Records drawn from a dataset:

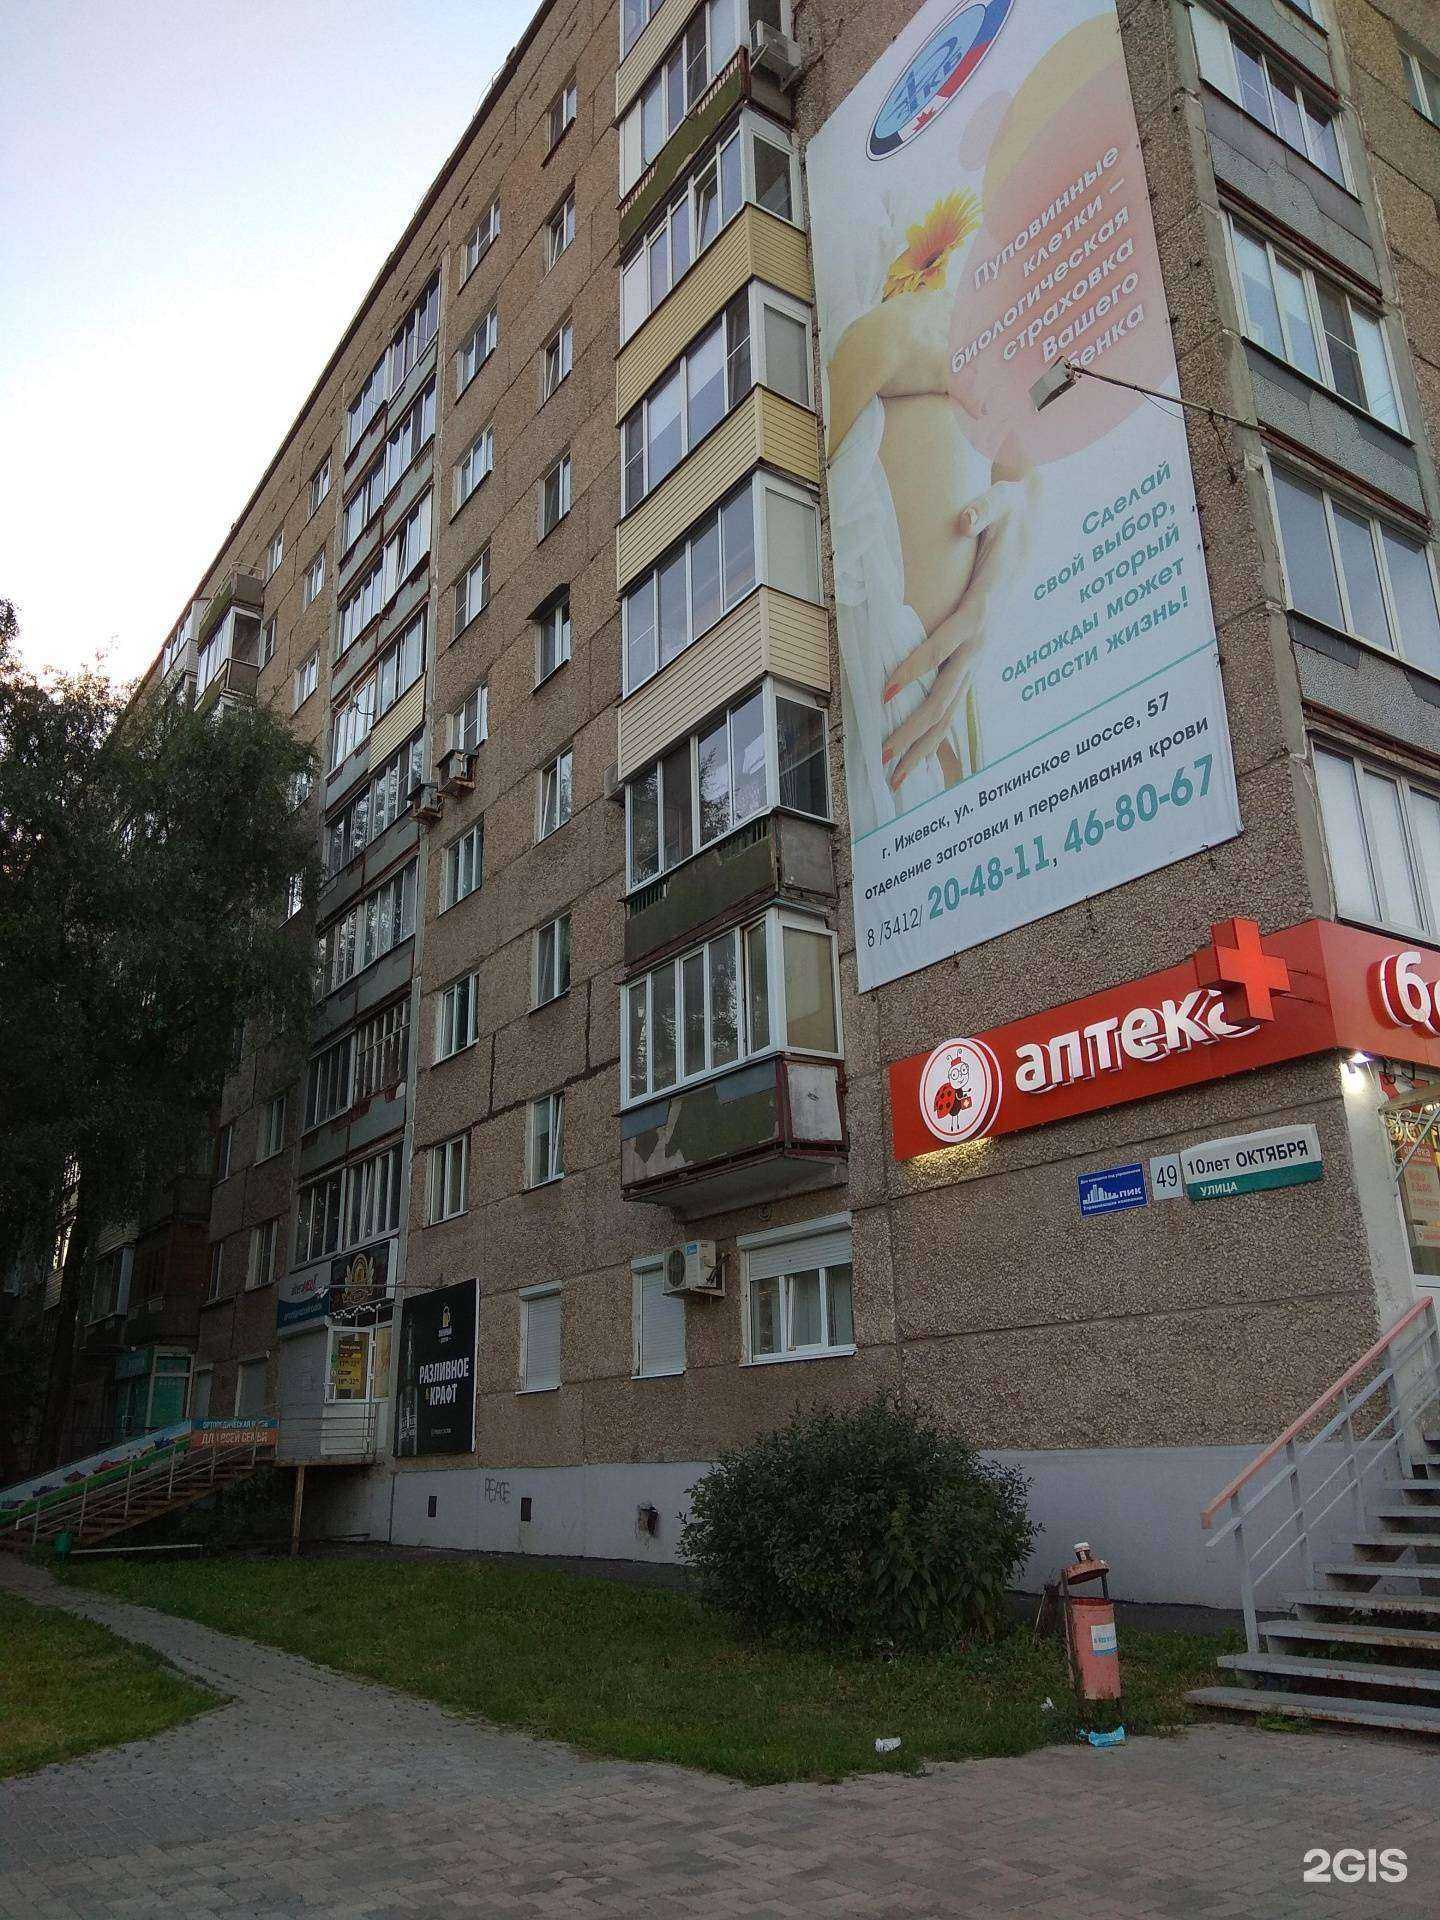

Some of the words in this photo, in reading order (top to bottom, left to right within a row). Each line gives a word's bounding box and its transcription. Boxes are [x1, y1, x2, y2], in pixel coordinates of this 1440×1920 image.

[973, 147, 1120, 290] Пуповинные
[1022, 195, 1103, 278] клетки
[951, 206, 1129, 374] биологическая
[1003, 239, 1135, 361] страховка
[1041, 272, 1140, 362] Вашего
[1081, 461, 1172, 535] Сделай
[1033, 553, 1085, 601] свой
[1091, 500, 1176, 563] выбор,
[1079, 523, 1180, 603] который
[1001, 612, 1099, 682] однажды
[1105, 557, 1185, 620] может
[1020, 645, 1098, 701] спасти
[1104, 586, 1189, 654] жизнь!
[864, 860, 933, 901] отделение
[936, 818, 1010, 864] заготовки
[1013, 812, 1024, 828] и
[1028, 751, 1143, 822] переливания
[1148, 717, 1209, 760] крови
[881, 845, 892, 860] г.
[894, 816, 951, 853] Ижевск,
[953, 802, 975, 826] ул.
[978, 750, 1071, 809] Воткинское
[1075, 711, 1142, 757] шоссе,
[1146, 691, 1170, 718] 57
[866, 928, 876, 948] 8
[927, 835, 1058, 921] 20-48-11,
[1063, 753, 1214, 854] 46-80-67
[1382, 951, 1440, 1036] б
[1119, 1187, 1142, 1198] ПИК
[1156, 1165, 1178, 1188] 49
[1187, 1158, 1231, 1176] 10лет
[1235, 1140, 1309, 1168] ОКТЯБРЯ
[1200, 1182, 1238, 1197] УЛИЦА
[419, 1357, 470, 1385] РАЗЛИВНОЕ
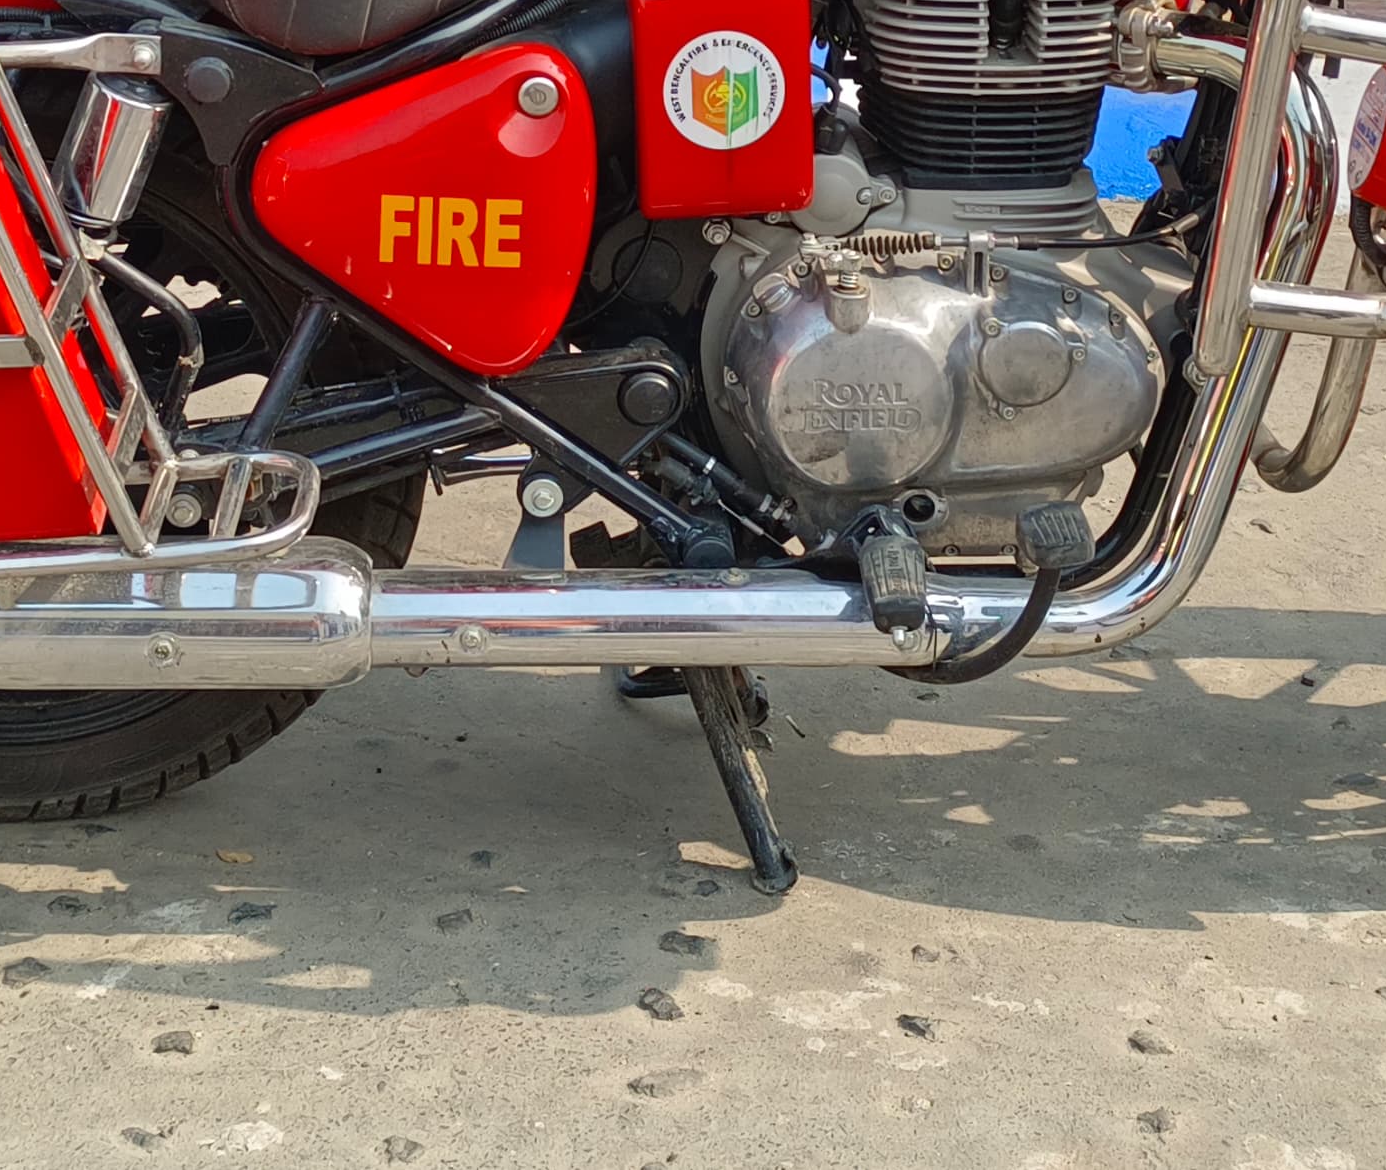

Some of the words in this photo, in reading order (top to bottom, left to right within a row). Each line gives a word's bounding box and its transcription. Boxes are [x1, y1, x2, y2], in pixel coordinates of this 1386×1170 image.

[688, 41, 709, 60] FIRE
[670, 57, 690, 95] BENGAL
[670, 96, 686, 123] WEST
[379, 194, 523, 268] FIRE
[812, 378, 910, 408] ROYAL
[801, 406, 922, 434] ENFIELD
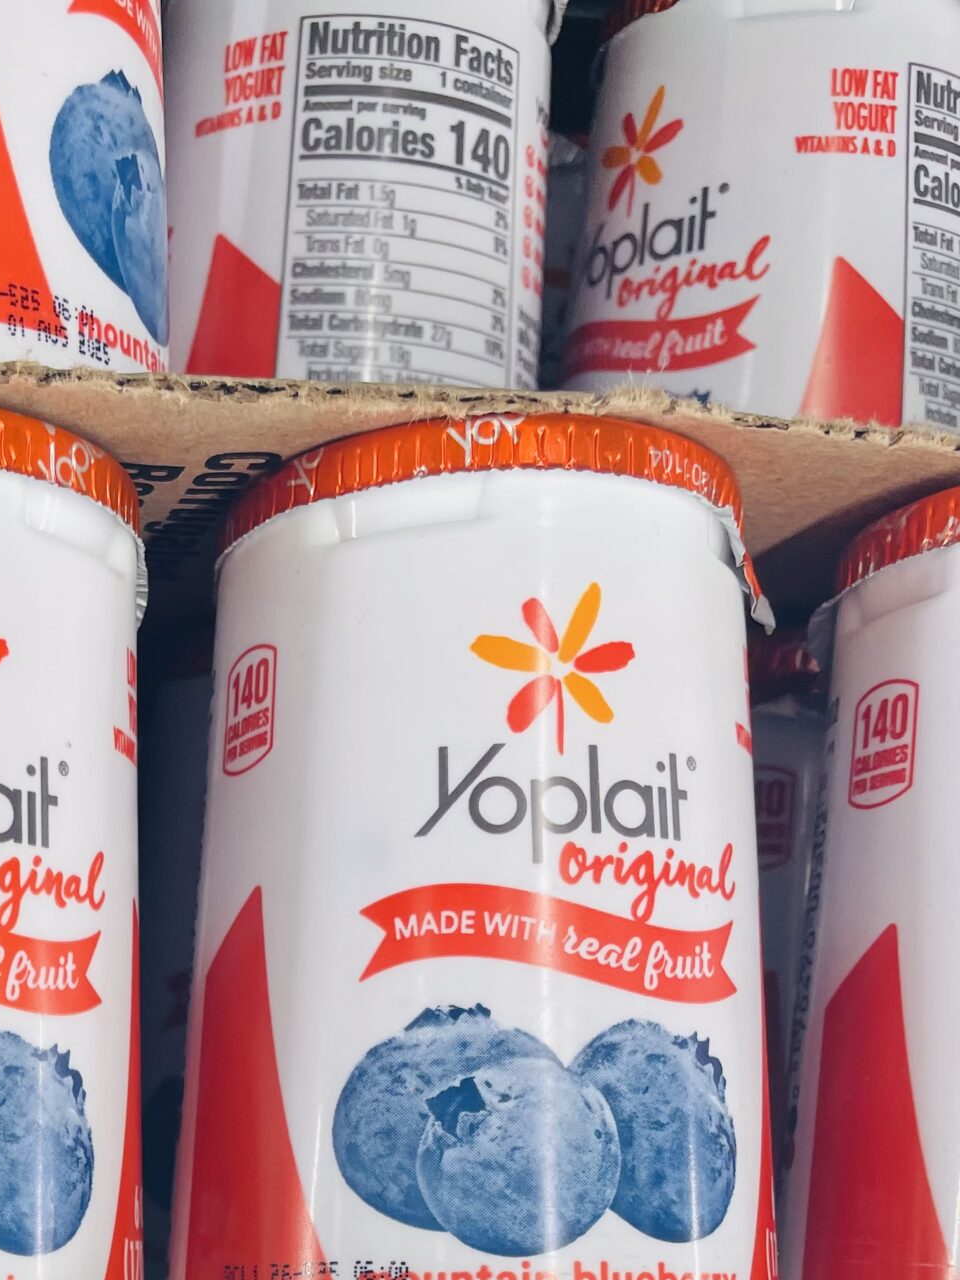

PROBLEM DETAILS: Once the pictures are removed, repeat all of the data above exactly.

PROBLEM SOLUTION:
Some of the words in this photo, in reading order (top to bottom, left to right within a row). Each line gives a word's bounding box and its transcription. Boxes are [x1, y1, x2, y2], in pixel coordinates of this 1440×1920 image.

[973, 147, 1120, 290] Пуповинные
[1022, 195, 1103, 278] клетки
[951, 206, 1129, 374] биологическая
[1003, 239, 1135, 361] страховка
[1041, 272, 1140, 362] Вашего
[1081, 461, 1172, 535] Сделай
[1033, 553, 1085, 601] свой
[1091, 500, 1176, 563] выбор,
[1079, 523, 1180, 603] который
[1001, 612, 1099, 682] однажды
[1105, 557, 1185, 620] может
[1020, 645, 1098, 701] спасти
[1104, 586, 1189, 654] жизнь!
[864, 860, 933, 901] отделение
[936, 818, 1010, 864] заготовки
[1013, 812, 1024, 828] и
[1028, 751, 1143, 822] переливания
[1148, 717, 1209, 760] крови
[881, 845, 892, 860] г.
[894, 816, 951, 853] Ижевск,
[953, 802, 975, 826] ул.
[978, 750, 1071, 809] Воткинское
[1075, 711, 1142, 757] шоссе,
[1146, 691, 1170, 718] 57
[866, 928, 876, 948] 8
[927, 835, 1058, 921] 20-48-11,
[1063, 753, 1214, 854] 46-80-67
[1382, 951, 1440, 1036] б
[1119, 1187, 1142, 1198] ПИК
[1156, 1165, 1178, 1188] 49
[1187, 1158, 1231, 1176] 10лет
[1235, 1140, 1309, 1168] ОКТЯБРЯ
[1200, 1182, 1238, 1197] УЛИЦА
[419, 1357, 470, 1385] РАЗЛИВНОЕ

Some of the words in this photo, in reading order (top to bottom, left to right within a row). Each line gives a word's bounding box and its transcription. Boxes are [x1, y1, x2, y2], in pixel coordinates of this 1386×1170 image.

[688, 41, 709, 60] FIRE
[670, 57, 690, 95] BENGAL
[670, 96, 686, 123] WEST
[379, 194, 523, 268] FIRE
[812, 378, 910, 408] ROYAL
[801, 406, 922, 434] ENFIELD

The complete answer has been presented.